A 25 anni il G. era "un personaggio di rilievo, conosciuto e apprezzato dai cattolici innovatori; ma [era] anche un personaggio deciso e lineare, pronto a battersi per le proprie idee, contro moderati e tradizionalisti. Deciso e lineare al punto da non obbedire nemmeno ai richiami del proprio vescovo" (Tobagi, 1976, p. 18). Così avvenne in occasione delle elezioni politiche del 1909, allorché il G., favorevole alla presentazione di una lista cattolica, osteggiò la scelta della curia di sostenere il candidato moderato contro quello socialista.
La questione si ripropose in termini più laceranti nel 1913, quando il G. riuscì a far prevalere in seno alla direzione diocesana la sua posizione contraria all'alleanza clerico-moderata, ma venne per questo licenziato dal vescovo. Nel gennaio 1914 trovò un nuovo impiego come segretario della Lega del lavoro di Monza, proponendosi di perseguire "l'opera di tutela e difesa delle classi operaie e agricole" secondo l'insegnamento della dottrina cattolica, in una prospettiva di "restaurazione religiosa, morale, civile ed economica" (Il Cittadino, 22 genn. 1914).
Per la realizzazione del suo programma il G. puntava sul sostegno delle organizzazioni parrocchiali e sul coinvolgimento dei sacerdoti più giovani e aperti. Sul piano strettamente sindacale sviluppò la sua iniziativa in direzione delle categorie dell'industria, in particolare dei tessili e dei cappellai, ingaggiando una competizione con la locale Camera del lavoro. Il netto dissenso nei confronti di scelte e comportamenti del sindacalismo di matrice socialista, acuitosi durante la "settimana rossa", non impedì al G. di proporre alla Camera del lavoro la celebrazione unitaria del 1º maggio.
Di fronte alla prima guerra mondiale il G., come tanti cattolici, fu inizialmente neutralista, ma quando l'Italia decise di intervenire nel conflitto divenne convinto sostenitore della causa nazionale. Nel 1916 fu richiamato alle armi, ma dopo pochi mesi fu riformato per invalidità e poté così tornare a occuparsi del lavoro sindacale, assumendo in quello stesso anno la presidenza del Sindacato italiano tessili. Durante il periodo bellico estese il suo raggio d'azione occupandosi dei problemi agricoli, promovendo la costituzione di leghe contadine a Milano e a Como, e partecipando, il 7 sett. 1916, alla nascita della Federazione italiana dei lavoratori agricoli.
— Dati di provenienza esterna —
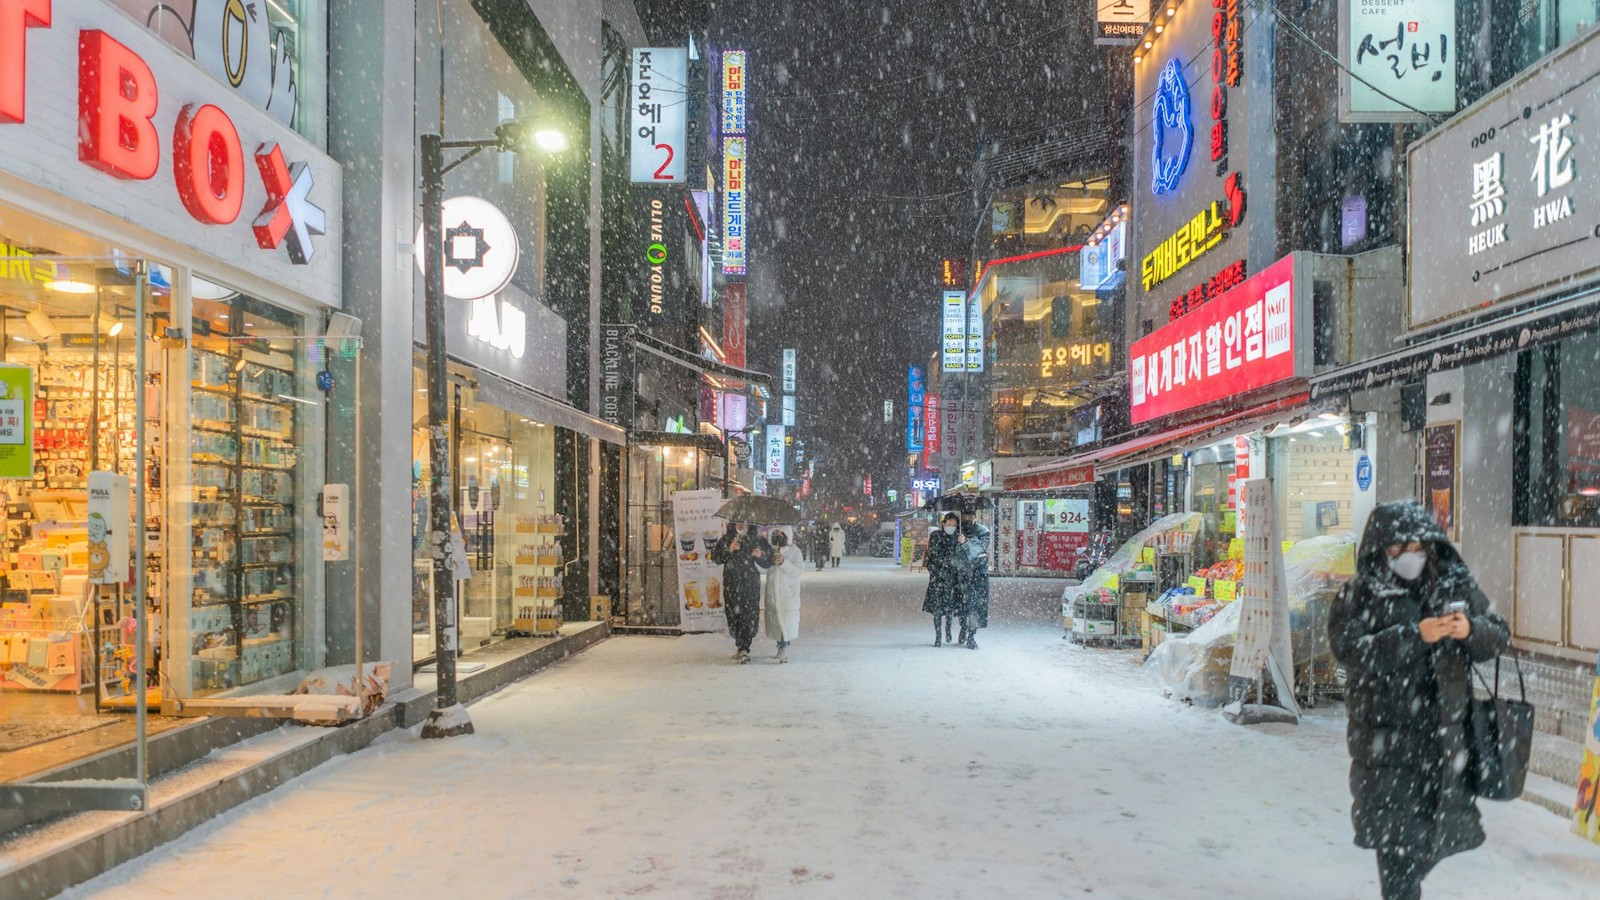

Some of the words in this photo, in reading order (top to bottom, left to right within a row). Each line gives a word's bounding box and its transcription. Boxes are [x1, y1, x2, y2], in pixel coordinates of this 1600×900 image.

Per l'impulso dato allo sviluppo organizzativo dei lavoratori cattolici il G. s'imponeva ormai come uno dei più noti e validi dirigenti del sindacalismo bianco a livello nazionale, partecipe delle scelte decisive del movimento cattolico.
Fu tra coloro che, il 29 sett. 1918, a Roma, vararono il "programma iniziale" della Confederazione italiana dei lavoratori (CIL) e tra i sottoscrittori dell'appello lanciato da L. Sturzo per la costituzione del Partito popolare italiano (PPI). L'11 febbraio dello stesso anno figurava tra i fondatori della sezione monzese del PPI e, nel giugno, tenne la relazione sul programma sociale al primo congresso nazionale del partito. Il G., allora, poté finalmente esprimere con pienezza il proprio impegno sindacale e politico, anche perché in campo cattolico la situazione era profondamente mutata grazie alle aperture del pontificato di Benedetto XV. Insorgeva piuttosto il problema dei rapporti tra il partito popolare e la confederazione bianca, che il G. incarnava essendo, oltre che dirigente sindacale, membro della direzione nazionale e deputato del PPI. Il 16 dic. 1919 era infatti stato eletto alla Camera sia nel collegio di Como sia in quello di Milano e aveva optato per quest'ultimo.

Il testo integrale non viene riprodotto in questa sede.